> [Source material]:
· · · · ·
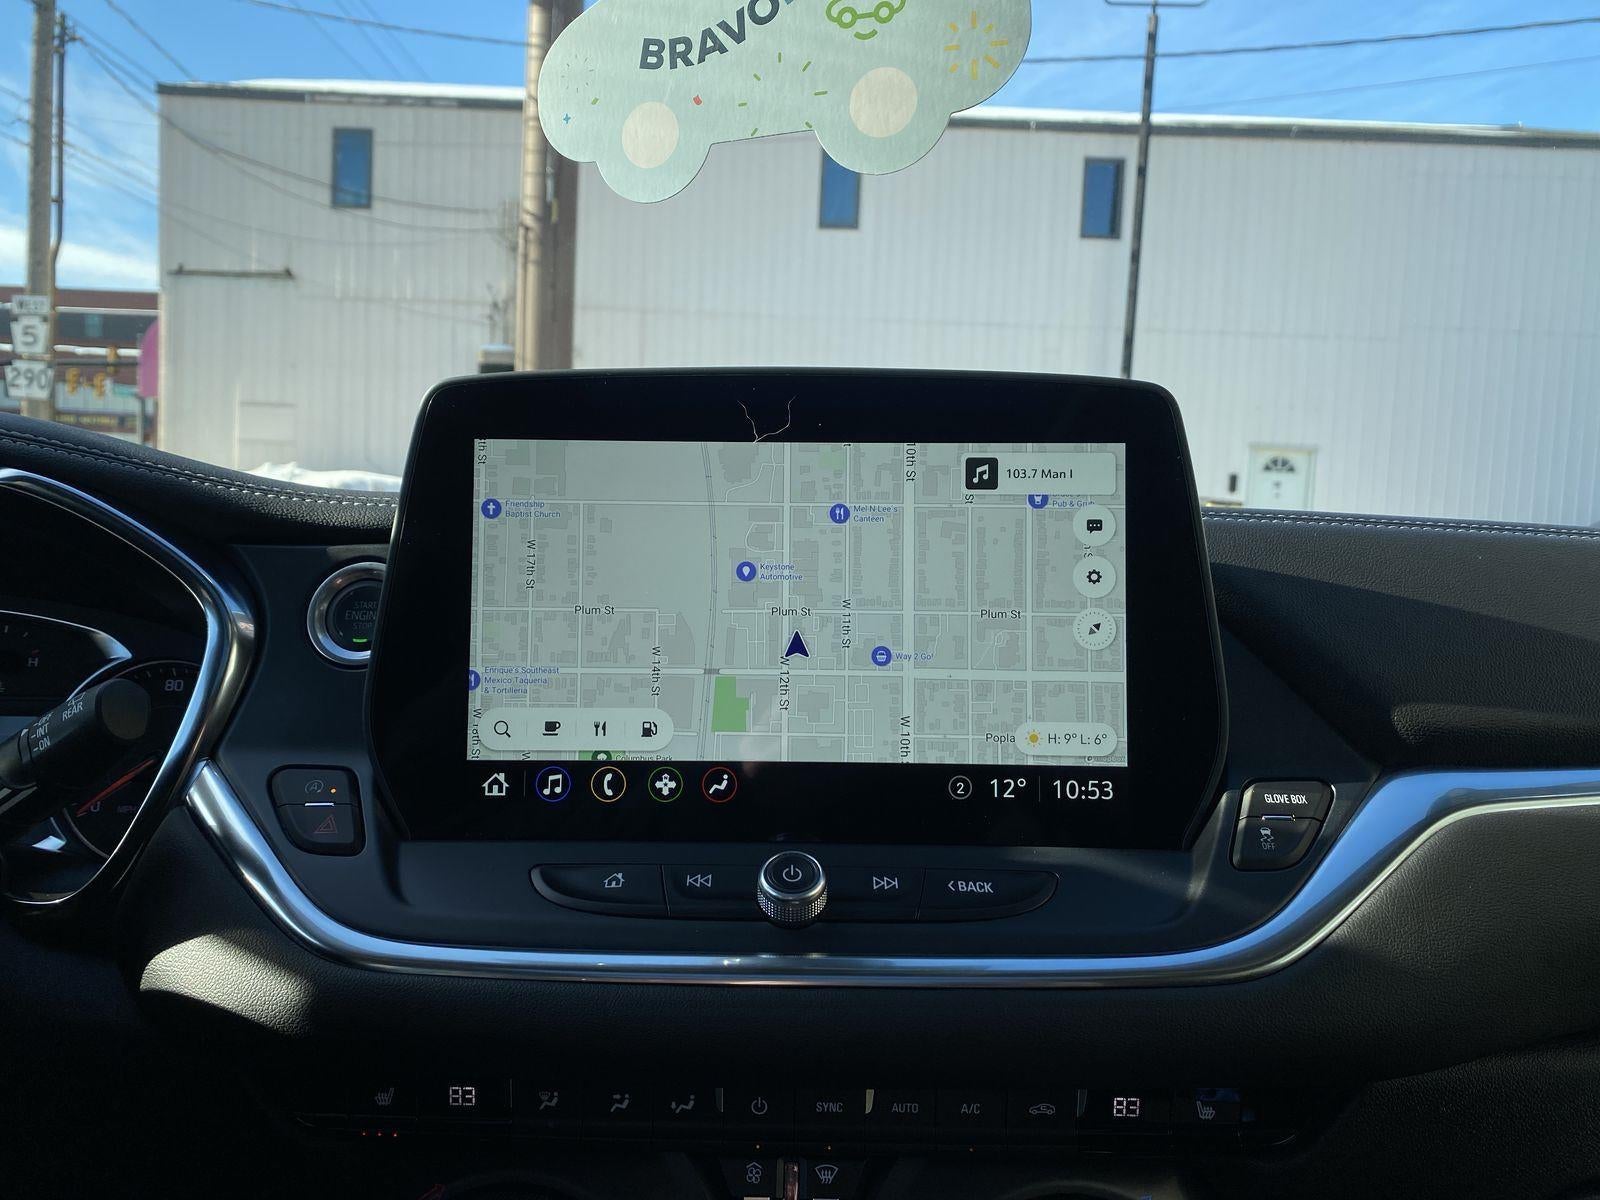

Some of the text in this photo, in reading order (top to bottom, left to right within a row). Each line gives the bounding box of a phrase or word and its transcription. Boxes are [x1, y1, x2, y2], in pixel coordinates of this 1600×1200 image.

[639, 0, 793, 70] BRAVO
[21, 325, 37, 346] 5
[8, 367, 49, 389] 290
[477, 454, 487, 465] St
[905, 470, 917, 482] St
[1006, 468, 1038, 479] 103.7
[1040, 468, 1066, 479] Man
[505, 500, 545, 508] Friendship
[965, 493, 974, 505] St
[1052, 500, 1068, 508] Pub
[1069, 500, 1075, 508] &
[505, 510, 561, 518] Baptist Church
[853, 514, 885, 523] Canteen
[526, 539, 536, 590] W 17th St
[760, 563, 795, 572] Keystone
[760, 573, 803, 581] Automotive
[574, 605, 615, 616] Plum St
[771, 606, 812, 617] Plum St
[980, 609, 1022, 619] Plum St
[842, 598, 851, 649] W 11th St
[895, 652, 912, 662] Way
[484, 666, 560, 675] Enrique's Southeast
[650, 645, 661, 697] W 14th St
[165, 680, 184, 692] 80
[484, 676, 512, 684] Mexico
[779, 655, 790, 711] W 12th St
[483, 686, 490, 694] &
[62, 702, 83, 721] REAR
[473, 708, 482, 719] W
[900, 715, 911, 728] W
[36, 722, 50, 738] INT
[38, 736, 51, 751] ON
[1048, 732, 1108, 745] H: 9° L: 6°
[900, 732, 911, 758] 10th
[471, 748, 481, 760] St
[956, 782, 965, 794] 2
[990, 778, 1027, 798] 12°
[1053, 779, 1114, 800] 10:53
[1264, 793, 1309, 805] GLOVE BOX
[1261, 842, 1276, 851] OFF
[957, 878, 994, 894] BACK
[449, 1086, 475, 1106] 83
[815, 1101, 843, 1113] SYNC
[891, 1102, 919, 1114] AUTO
[960, 1103, 981, 1115] A/C
[1113, 1097, 1140, 1117] 83
· · · · ·
> [Work to complete]:
Restate the data above word for word, so that the only difference is the missing pictures.

> [Output]:
Some of the text in this photo, in reading order (top to bottom, left to right within a row). Each line gives the bounding box of a phrase or word and its transcription. Boxes are [x1, y1, x2, y2], in pixel coordinates of this 1600×1200 image.

[639, 0, 793, 70] BRAVO
[21, 325, 37, 346] 5
[8, 367, 49, 389] 290
[477, 454, 487, 465] St
[905, 470, 917, 482] St
[1006, 468, 1038, 479] 103.7
[1040, 468, 1066, 479] Man
[505, 500, 545, 508] Friendship
[965, 493, 974, 505] St
[1052, 500, 1068, 508] Pub
[1069, 500, 1075, 508] &
[505, 510, 561, 518] Baptist Church
[853, 514, 885, 523] Canteen
[526, 539, 536, 590] W 17th St
[760, 563, 795, 572] Keystone
[760, 573, 803, 581] Automotive
[574, 605, 615, 616] Plum St
[771, 606, 812, 617] Plum St
[980, 609, 1022, 619] Plum St
[842, 598, 851, 649] W 11th St
[895, 652, 912, 662] Way
[484, 666, 560, 675] Enrique's Southeast
[650, 645, 661, 697] W 14th St
[165, 680, 184, 692] 80
[484, 676, 512, 684] Mexico
[779, 655, 790, 711] W 12th St
[483, 686, 490, 694] &
[62, 702, 83, 721] REAR
[473, 708, 482, 719] W
[900, 715, 911, 728] W
[36, 722, 50, 738] INT
[38, 736, 51, 751] ON
[1048, 732, 1108, 745] H: 9° L: 6°
[900, 732, 911, 758] 10th
[471, 748, 481, 760] St
[956, 782, 965, 794] 2
[990, 778, 1027, 798] 12°
[1053, 779, 1114, 800] 10:53
[1264, 793, 1309, 805] GLOVE BOX
[1261, 842, 1276, 851] OFF
[957, 878, 994, 894] BACK
[449, 1086, 475, 1106] 83
[815, 1101, 843, 1113] SYNC
[891, 1102, 919, 1114] AUTO
[960, 1103, 981, 1115] A/C
[1113, 1097, 1140, 1117] 83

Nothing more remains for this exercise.